Saved entries:
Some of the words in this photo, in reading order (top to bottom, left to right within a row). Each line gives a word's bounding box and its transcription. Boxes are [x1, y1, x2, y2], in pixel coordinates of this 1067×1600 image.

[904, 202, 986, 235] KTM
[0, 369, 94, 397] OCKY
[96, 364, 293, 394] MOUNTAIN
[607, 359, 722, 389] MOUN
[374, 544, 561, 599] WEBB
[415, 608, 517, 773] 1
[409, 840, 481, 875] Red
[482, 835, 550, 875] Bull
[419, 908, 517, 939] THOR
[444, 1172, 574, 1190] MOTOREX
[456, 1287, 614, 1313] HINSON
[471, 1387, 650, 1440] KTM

* [Your assignment]: Each entry above needs to be duplicated exactly.

* [Solution to this problem]:
Some of the words in this photo, in reading order (top to bottom, left to right within a row). Each line gives a word's bounding box and its transcription. Boxes are [x1, y1, x2, y2], in pixel coordinates of this 1067×1600 image.

[904, 202, 986, 235] KTM
[0, 369, 94, 397] OCKY
[96, 364, 293, 394] MOUNTAIN
[607, 359, 722, 389] MOUN
[374, 544, 561, 599] WEBB
[415, 608, 517, 773] 1
[409, 840, 481, 875] Red
[482, 835, 550, 875] Bull
[419, 908, 517, 939] THOR
[444, 1172, 574, 1190] MOTOREX
[456, 1287, 614, 1313] HINSON
[471, 1387, 650, 1440] KTM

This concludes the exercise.